Exercise description: Would you reproduce the whole listing exactly, dropping any pictures it holds?
○ ○ ○ ○ ○
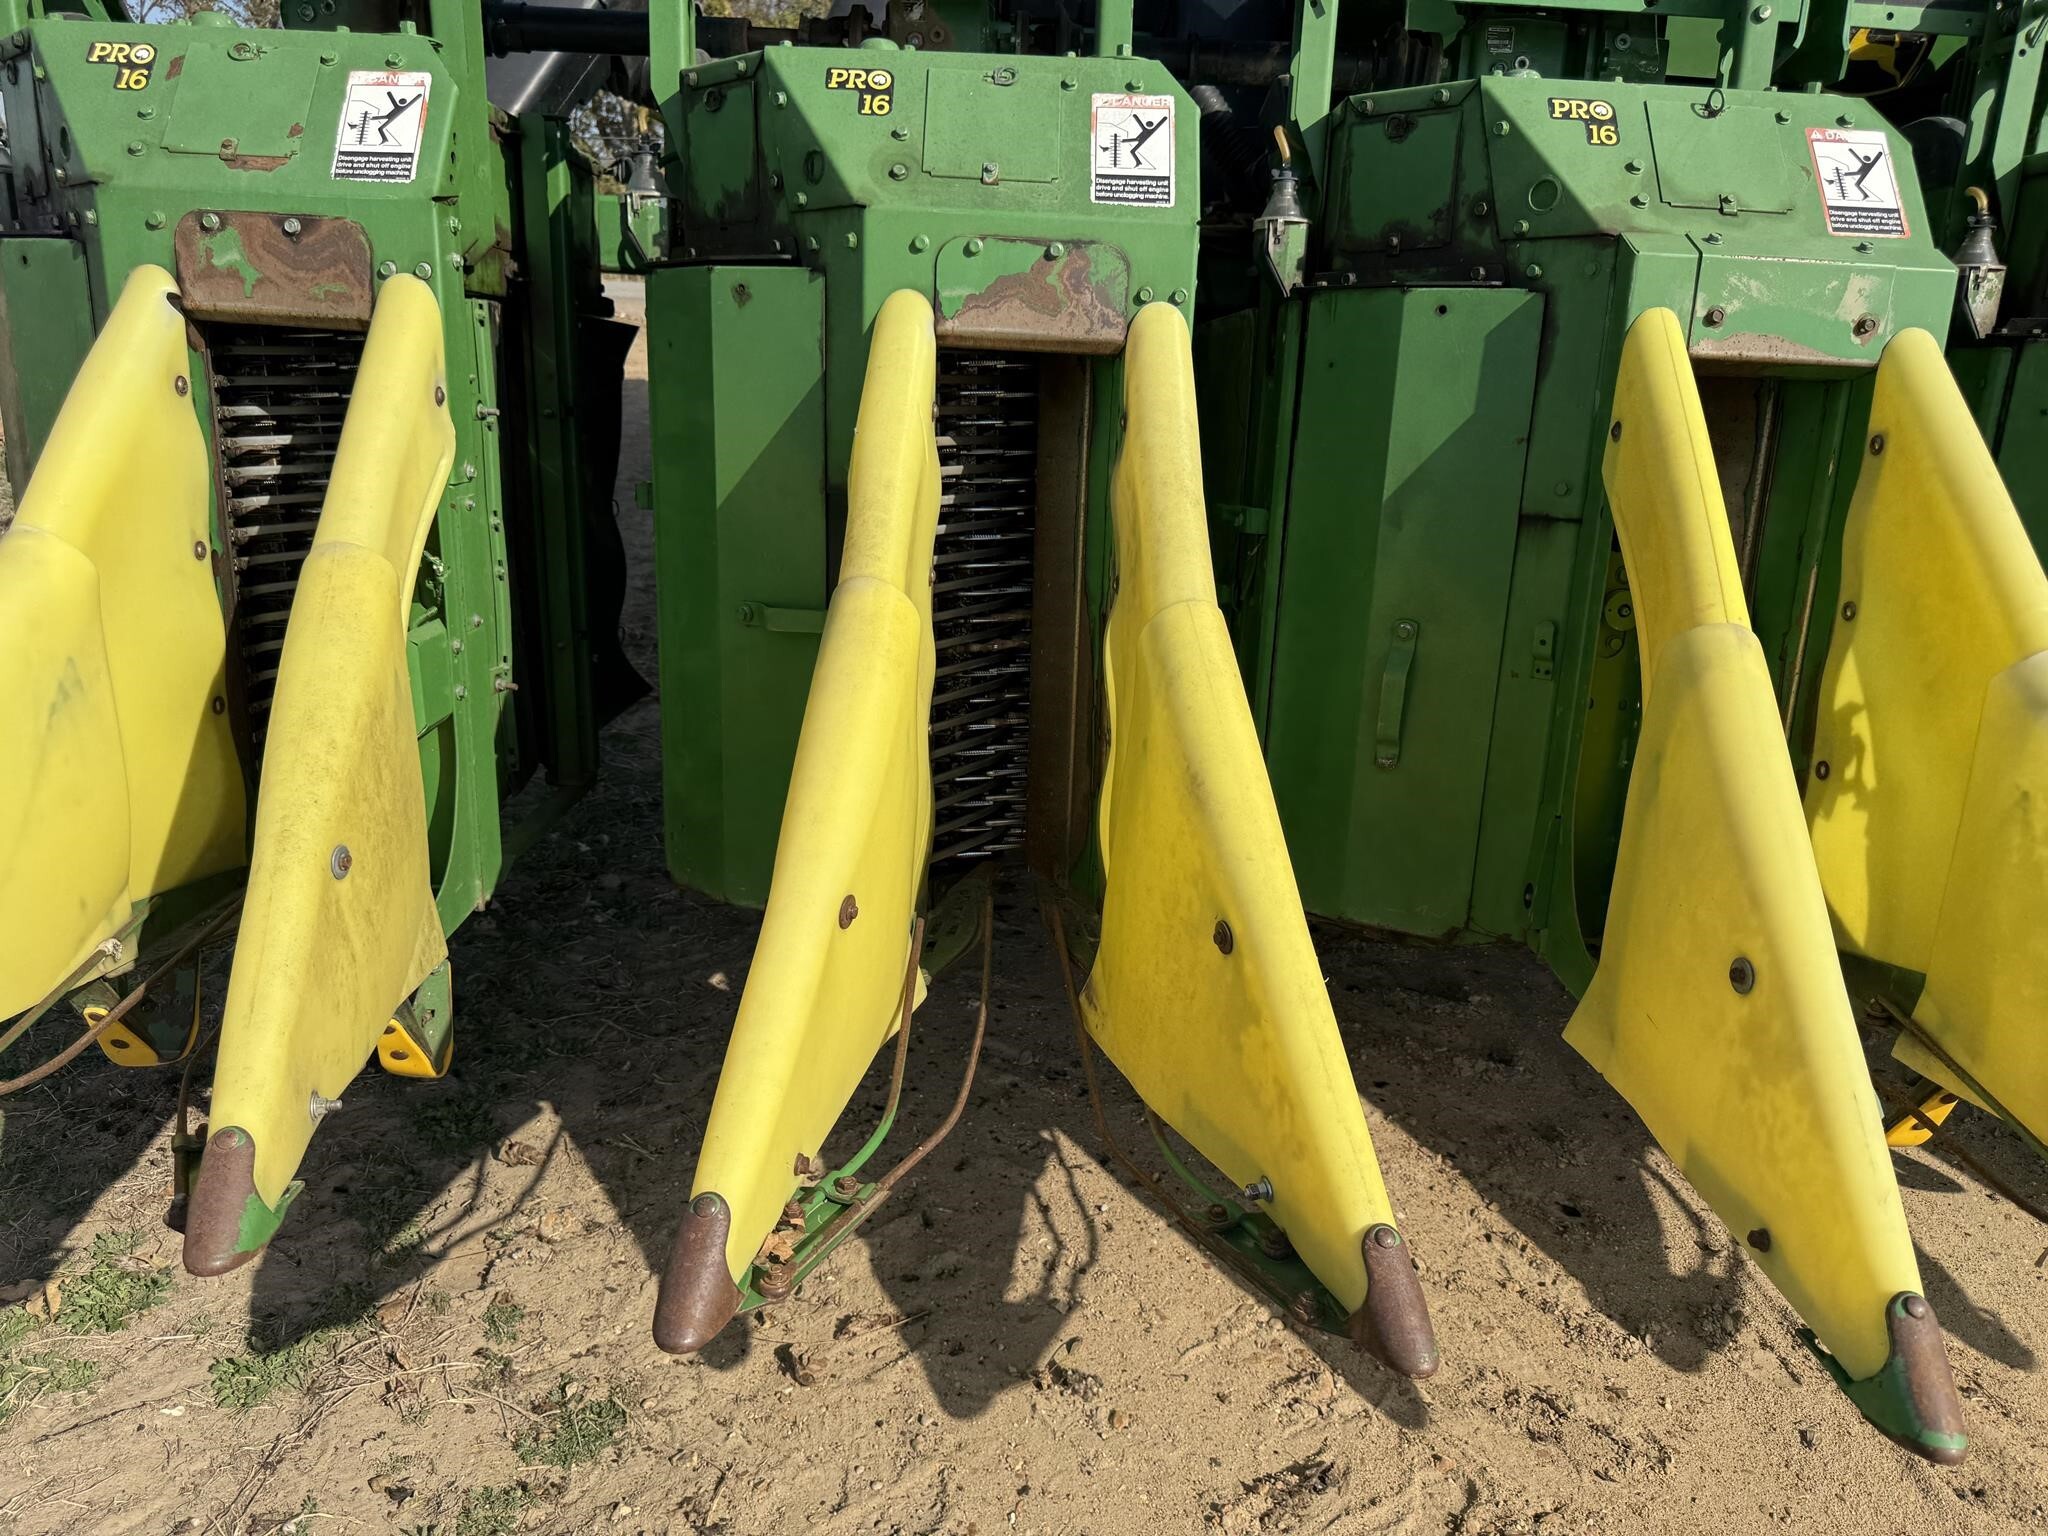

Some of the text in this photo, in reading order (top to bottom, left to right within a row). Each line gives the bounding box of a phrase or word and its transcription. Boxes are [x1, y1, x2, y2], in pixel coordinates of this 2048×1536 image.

[88, 42, 155, 65] PRO
[116, 68, 149, 90] 16
[827, 68, 892, 91] PRO
[861, 94, 890, 115] 16
[1551, 99, 1613, 121] PRO
[1589, 124, 1618, 145] 16
[338, 154, 368, 163] Disengage
[369, 155, 400, 164] harvesting
[1096, 177, 1126, 186] Disengage
[1126, 178, 1157, 187] harvesting
[1148, 186, 1169, 194] engine
[1113, 191, 1144, 200] unclogging
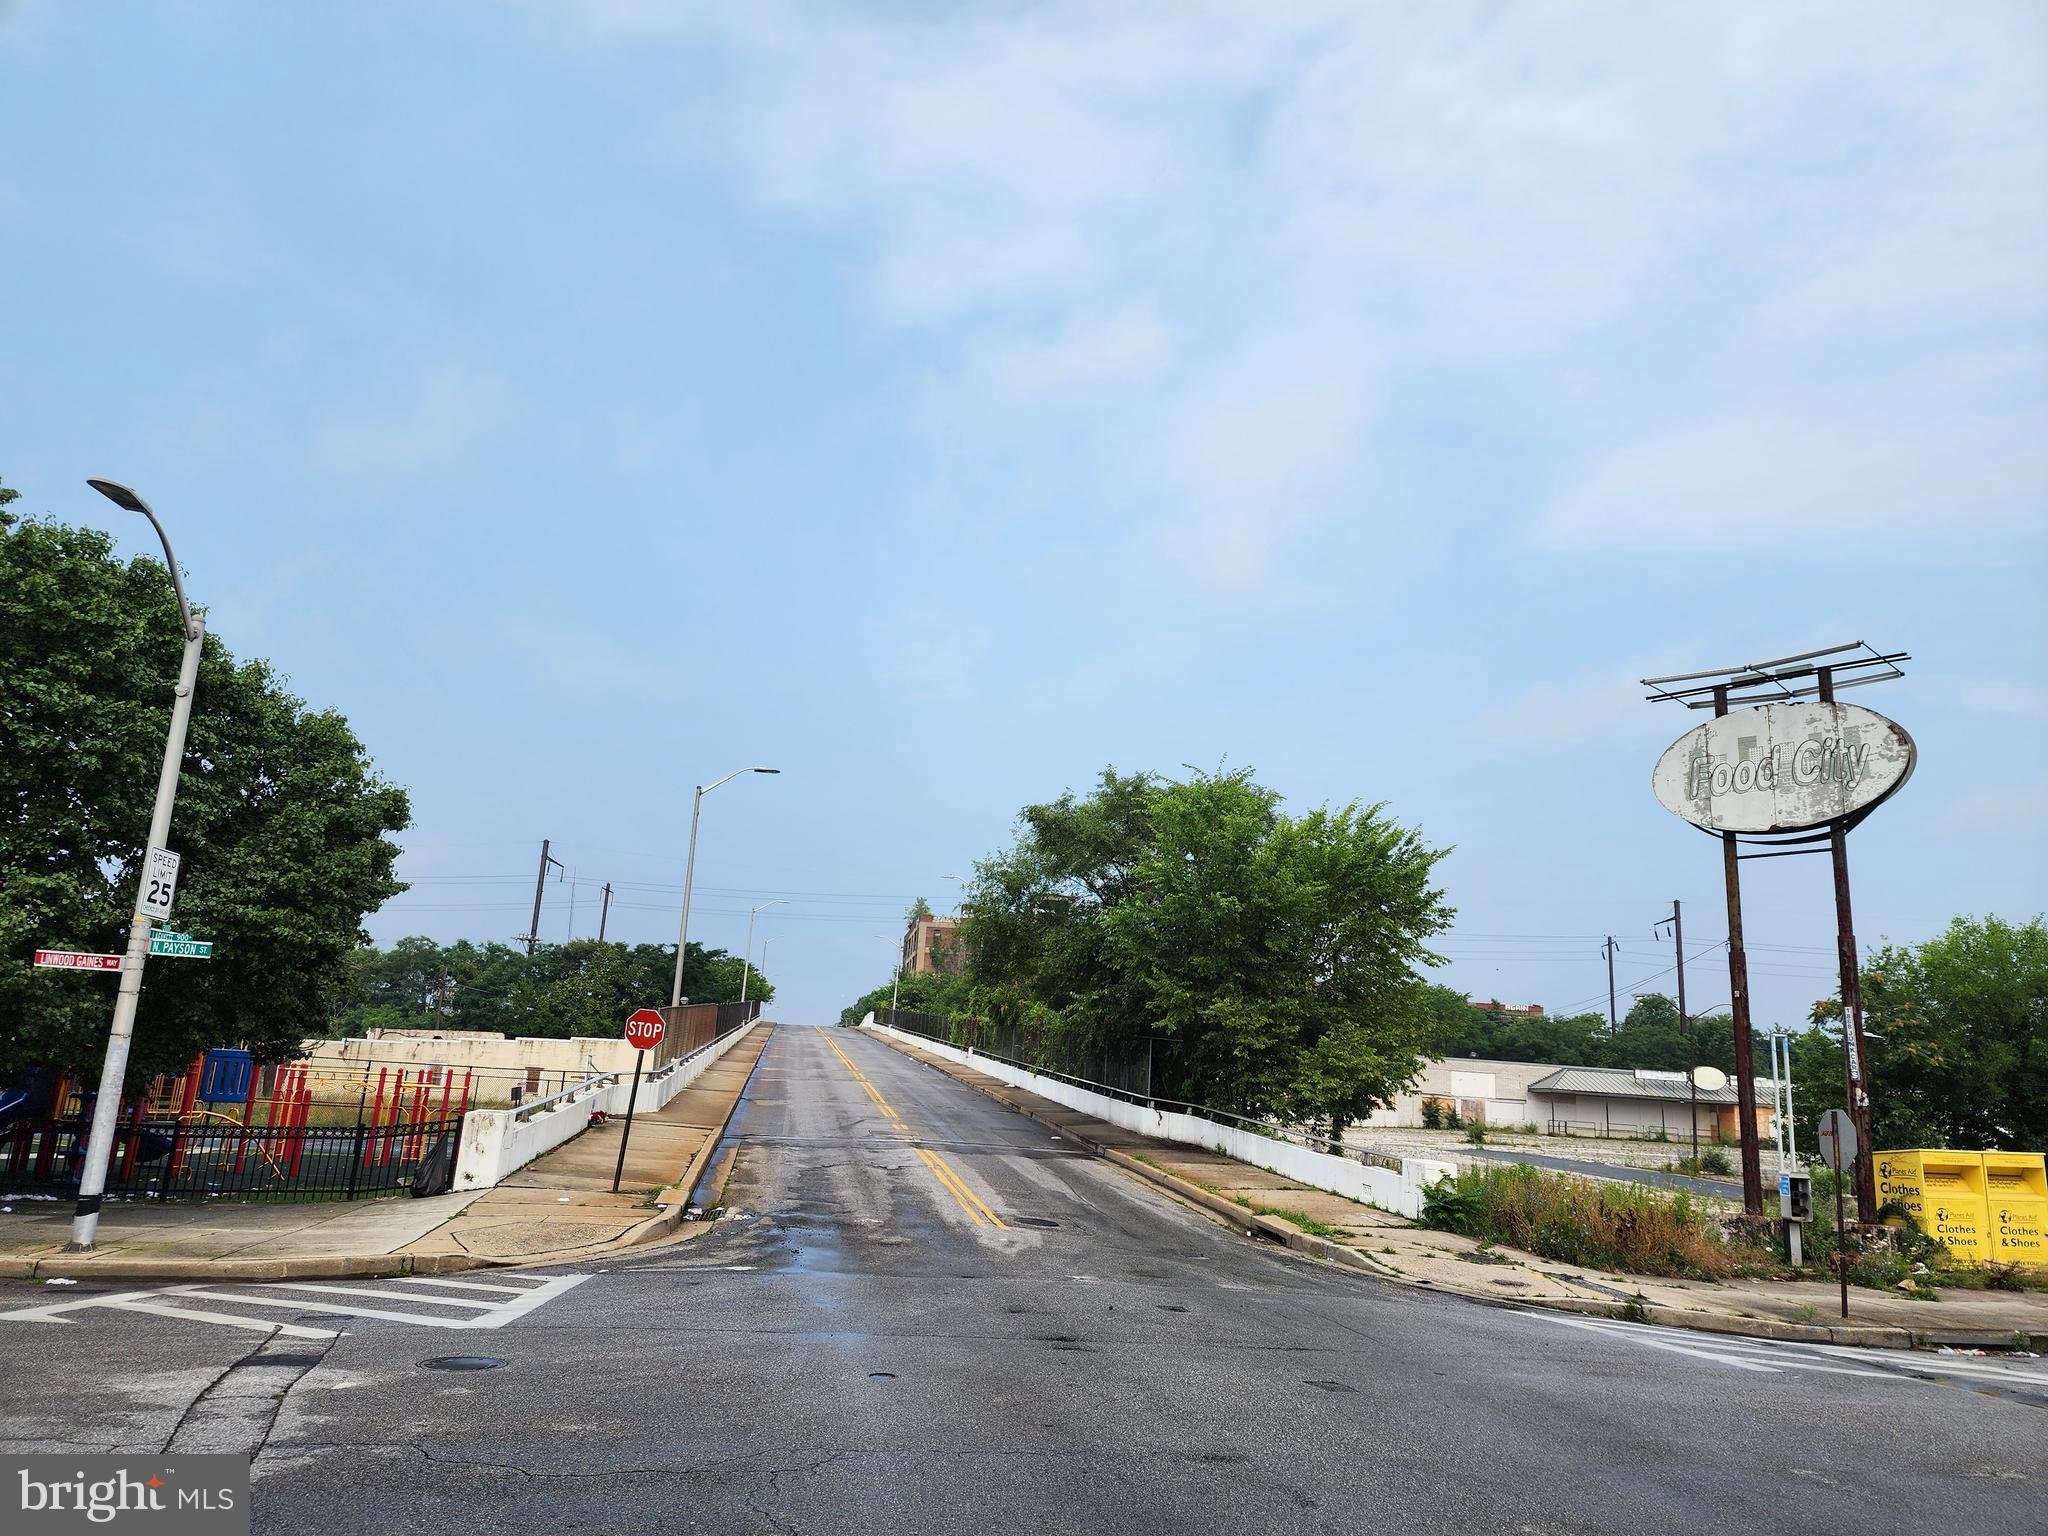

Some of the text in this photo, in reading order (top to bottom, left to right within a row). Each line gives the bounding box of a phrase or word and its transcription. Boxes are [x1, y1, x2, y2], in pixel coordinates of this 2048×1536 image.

[1688, 737, 1871, 801] Food City
[153, 853, 177, 869] SPEED
[152, 867, 173, 881] LIMIT
[147, 880, 171, 907] 25
[162, 942, 197, 955] PAYSON
[41, 953, 118, 968] LINWOOD GAINES WAY
[628, 1021, 662, 1038] STOP
[1880, 1182, 1920, 1196] Clothes
[1937, 1224, 1976, 1234] Clothes
[2000, 1226, 2039, 1236] Clothes
[1938, 1236, 1978, 1246] & Shoes
[2001, 1238, 2041, 1248] & Shoes
○ ○ ○ ○ ○
Answer:
Some of the text in this photo, in reading order (top to bottom, left to right within a row). Each line gives the bounding box of a phrase or word and its transcription. Boxes are [x1, y1, x2, y2], in pixel coordinates of this 2048×1536 image.

[88, 42, 155, 65] PRO
[116, 68, 149, 90] 16
[827, 68, 892, 91] PRO
[861, 94, 890, 115] 16
[1551, 99, 1613, 121] PRO
[1589, 124, 1618, 145] 16
[338, 154, 368, 163] Disengage
[369, 155, 400, 164] harvesting
[1096, 177, 1126, 186] Disengage
[1126, 178, 1157, 187] harvesting
[1148, 186, 1169, 194] engine
[1113, 191, 1144, 200] unclogging

Some of the text in this photo, in reading order (top to bottom, left to right within a row). Each line gives the bounding box of a phrase or word and its transcription. Boxes are [x1, y1, x2, y2], in pixel coordinates of this 2048×1536 image.

[1688, 737, 1871, 801] Food City
[153, 853, 177, 869] SPEED
[152, 867, 173, 881] LIMIT
[147, 880, 171, 907] 25
[162, 942, 197, 955] PAYSON
[41, 953, 118, 968] LINWOOD GAINES WAY
[628, 1021, 662, 1038] STOP
[1880, 1182, 1920, 1196] Clothes
[1937, 1224, 1976, 1234] Clothes
[2000, 1226, 2039, 1236] Clothes
[1938, 1236, 1978, 1246] & Shoes
[2001, 1238, 2041, 1248] & Shoes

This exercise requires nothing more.